Granules India on Thursday said it has received approval from the US health regulator for its generic Amphetamine mixed salts indicated for the treatment of Attention Deficit Hyperactivity Disorder (ADHD) and narcolepsy.
The approval granted by the US Food and Drug Administration (USFDA) to Granules Pharmaceuticals, Inc (GPI), a wholly-owned arm, is for the abbreviated new drug application (ANDA) of amphetamine mixed salts of strengths 5 mg, 7.5 mg, 10 mg, 12.5 mg, 15 mg, 20 mg and 30 mg immediate release tablets, the company said in a statement.
It is bioequivalent to the reference-listed drug product (RLD), Adderall of Teva Women's Health Inc, it added.

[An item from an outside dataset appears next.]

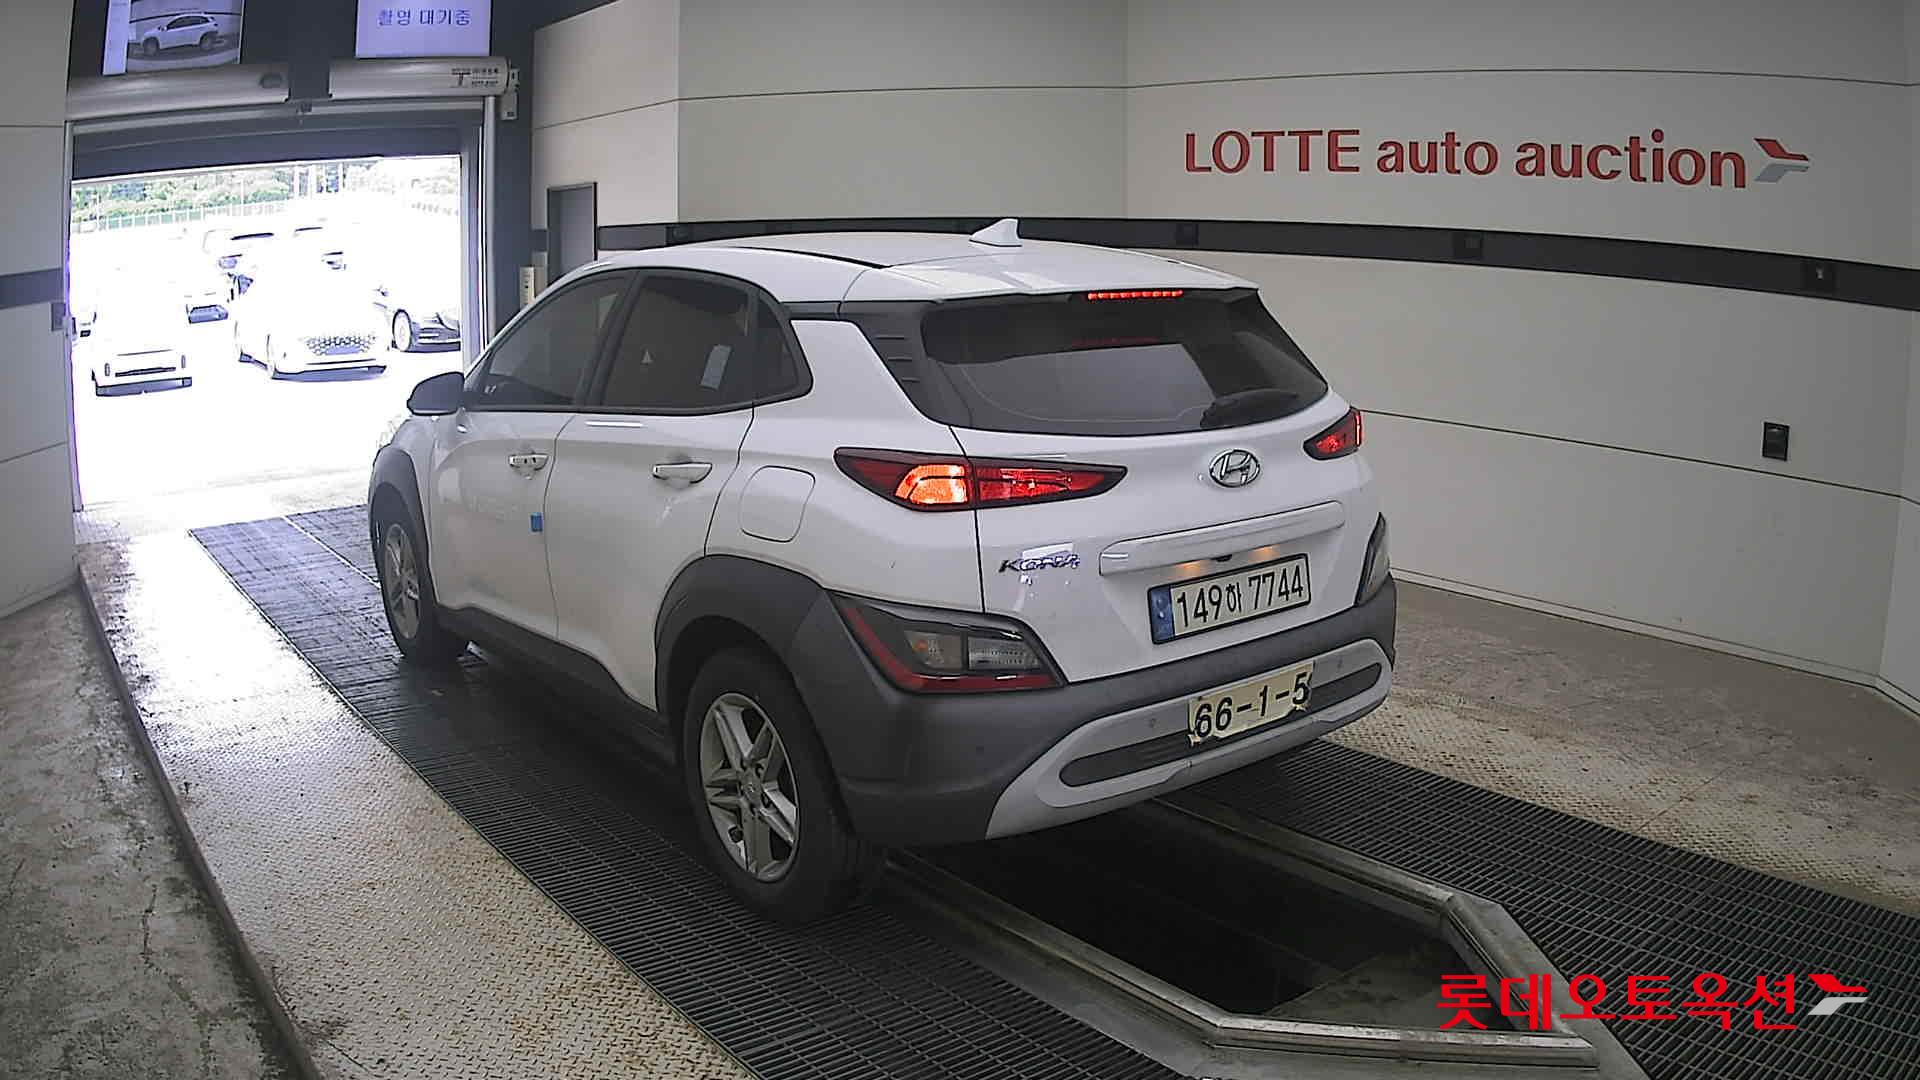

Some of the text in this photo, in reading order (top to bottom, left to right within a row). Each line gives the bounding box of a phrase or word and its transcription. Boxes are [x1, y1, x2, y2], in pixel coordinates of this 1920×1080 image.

"This product would be manufactured at Granules manufacturing facility in Chantilly, Virginia and is expected to be launched shortly," the company said.
Commenting on the development, GPI Executive Director, Priyanka Chigurupati said, "It will surely be a valuable addition to our growing product portfolio in the US market." Citing IQVIA Health data, the company said Amphetamine mixed salts 5 mg, 7.5 mg, 10 mg, 12.5 mg, 15 mg, 20 mg and 30 mg immediate release tablets had US sales of approximately $335 million for the most recent twelve months ending in October 2021.